Las razones son sesgadas y el maniqueísmo está servido: nos acusan de opresores, de no amoldarnos ni respetar su afrancesamiento de panfleto de clínica dental y, en los últimos tiempos -¿a alguien le suena esta canción?- de “robarles” puestos de trabajo. Pero lo cierto es que, en estos últimos treinta años, quien ha chantajeado con su llave parlamentaria, con su saco de votos cautivos, al Estado español ha sido la Generalitat de Cataluña –de igual modo que la Lehendakaritza, aunque, todo hay que decirlo, éstos, lo que ponen sobre la mesa son muertos- y todo por una cuantas monedas, por una serie de juegos de competencias, cuyas políticas internas estaban destinadas a la puesta en marcha –y su consecuente despilfarro económico- de puestos de trabajo para catalano parlantes –pobres hijos de Sarria y Pedralves-; provocando políticas desiguales entre comunidades, incoherencias flagrantes e inoculando un odio visceral entre su población –mucho menor hace treinta años- hacia los “inmigrantes” (entre los que encontramos “personas” nacidas en su territorio). Mientras las filologías clásicas han desaparecido de los currículos universitarios, una lengua que apenas habla más de un millón de habitantes es estudiada por un amplio número de personas. Evidentemente, hay que asegurarles puestos de trabajo a los aplicados niños para que paguen sus pisos de diseño y sus estancias en París, Roma y Marrakech -porque si no sufren mucho en verano los calores del estío-; de eso, se encarga adecuadamente la policía lingüística, presta a denunciar a aquellos empresarios que no se someten o carecen de medios para aplicar la normativa. Todos ellos futuros funcionarios empleados en oficinas de “normalización” lingüística. Ése es el tumor que comienza a enquistar la sociedad catalana: la diferenciación como base para fundamentar su identidad, la atribución de una serie de cualidades a quienes se "resisten" -o no se pliegan- a su estilo, a quienes no comparten una de sus lenguas –porque no olvidemos que, a día de hoy, los catalanes son bilingües en un marco legal, ideal, pero no en su realidad (basta darse un paseo por Cornella, Hospitalet, el Clot...- o a quienes no han nacido con su denominación de origen o habitan más arriba de la Diagonal.

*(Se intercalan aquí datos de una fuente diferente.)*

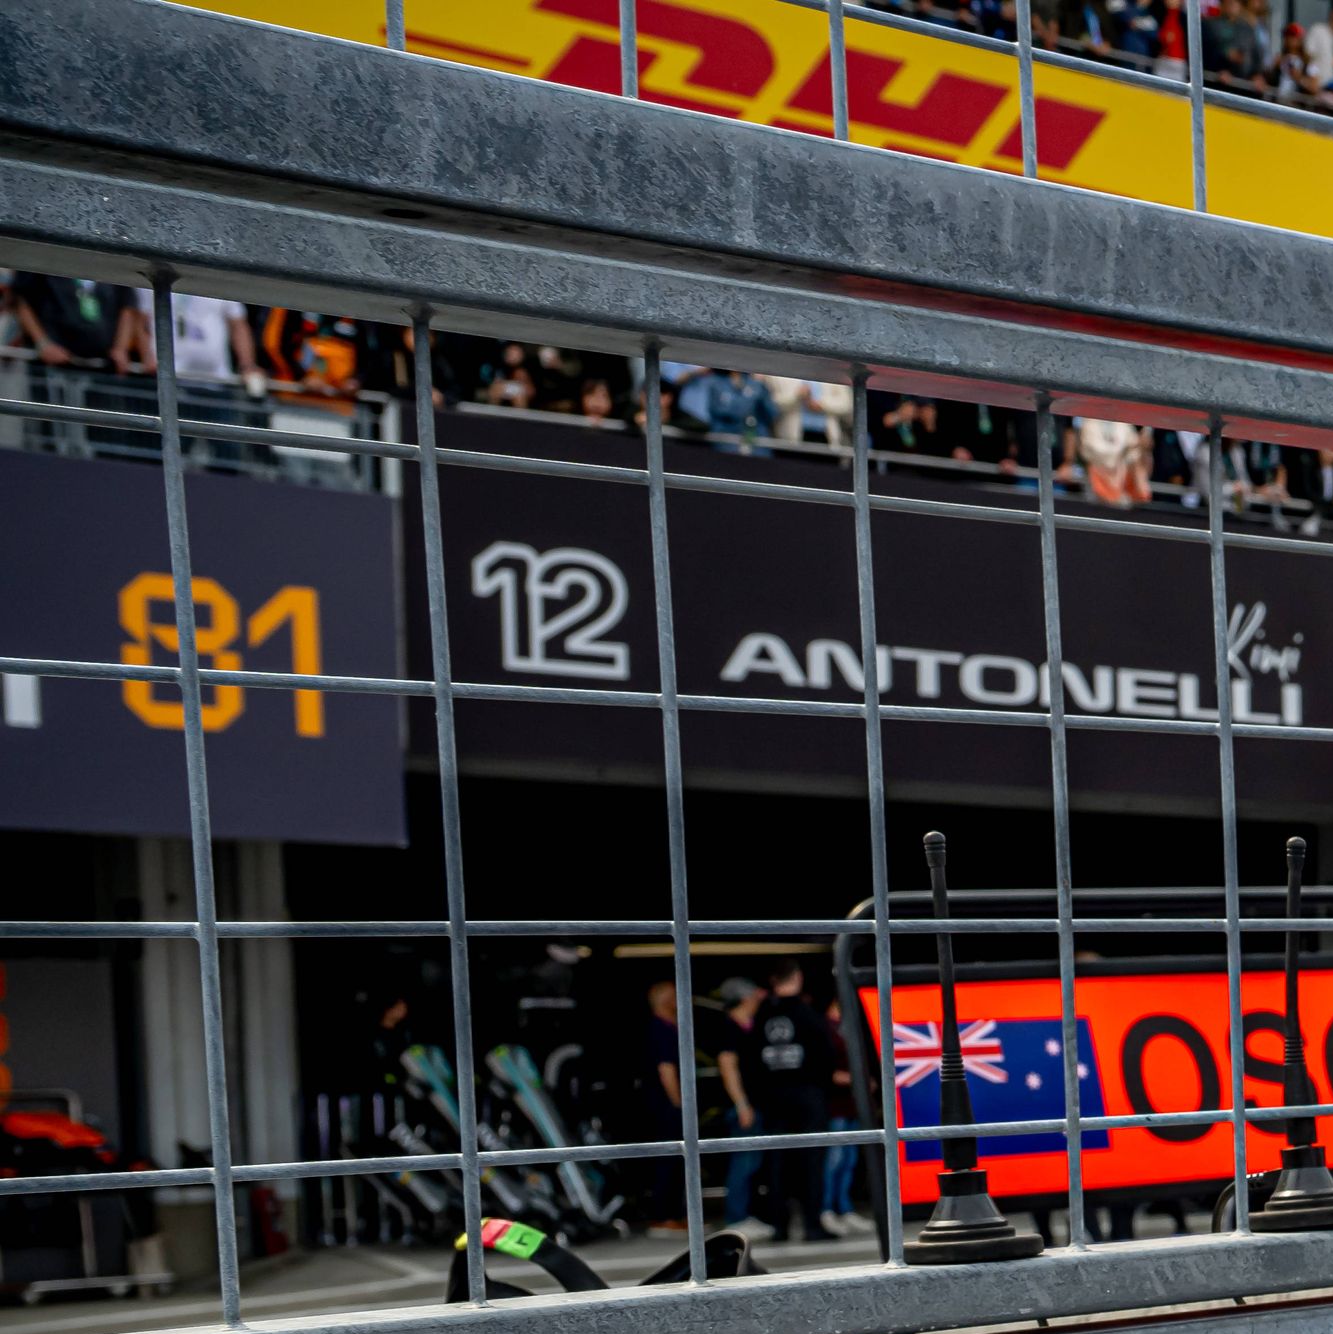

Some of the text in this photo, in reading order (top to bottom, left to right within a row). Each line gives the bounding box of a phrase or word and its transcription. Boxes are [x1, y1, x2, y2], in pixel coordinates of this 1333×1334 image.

[117, 570, 326, 738] 81
[471, 541, 630, 681] 12
[718, 632, 1303, 726] ANTONELLI
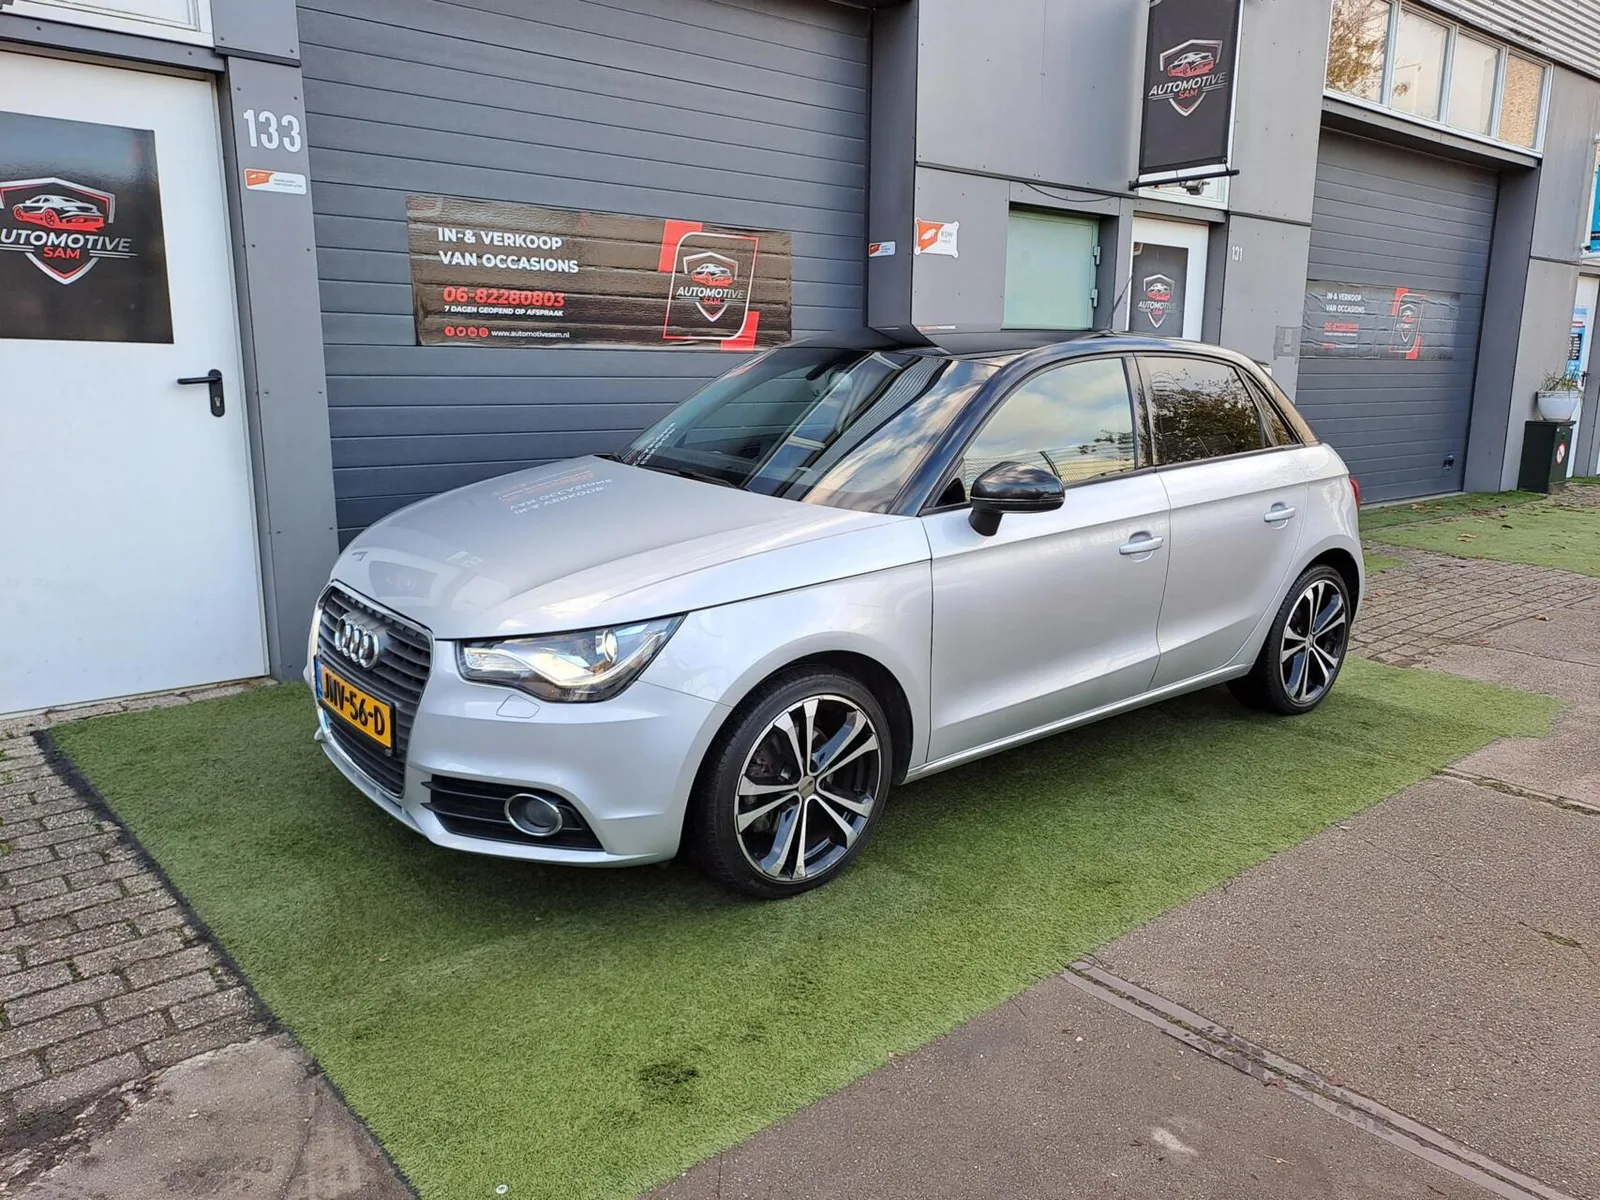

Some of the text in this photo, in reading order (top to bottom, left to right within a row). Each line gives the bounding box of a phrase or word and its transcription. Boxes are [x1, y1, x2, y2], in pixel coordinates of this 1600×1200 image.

[1148, 71, 1227, 97] AUTOMOTIVE
[1178, 89, 1198, 99] SAM
[243, 109, 302, 153] 133
[0, 228, 132, 252] UTOMOTIVE
[437, 227, 563, 250] IN-& VERKOOP
[43, 246, 81, 260] SAM
[438, 250, 579, 273] VAN OCCASIONS
[1231, 245, 1243, 262] 131
[443, 286, 565, 307] 06-82280803
[676, 286, 745, 298] AUTOMOTIVE
[478, 307, 514, 315] GEOPEND
[526, 309, 564, 317] AFSPRAAK
[491, 330, 570, 338] www.automotivesam.nl

No está lejos, quizá, el día en que estos pobres oprimidos, aupados en volandas por sus brazo político, levanten alambradas en determinados barrios o municipios periféricos para erradicar, de una vez por todas sus miedos a que sea un xarnego quien mancille el nombre de sus hijas. Tiempo al tiempo.


Cuatro imbéciles con banderas preconstitucionales y camisas azules son fascistas; doscientos con la señera, histéricos, enseñoreando su odio, sus estómagos saciados y sus barretinas de terciopelo son baluartes de la libertad mientras declaman, a voz en grito, som una nació. La misma melodía interpretada con distintos instrumentos.


A mí, que me registren, jo sí que sóc una nació.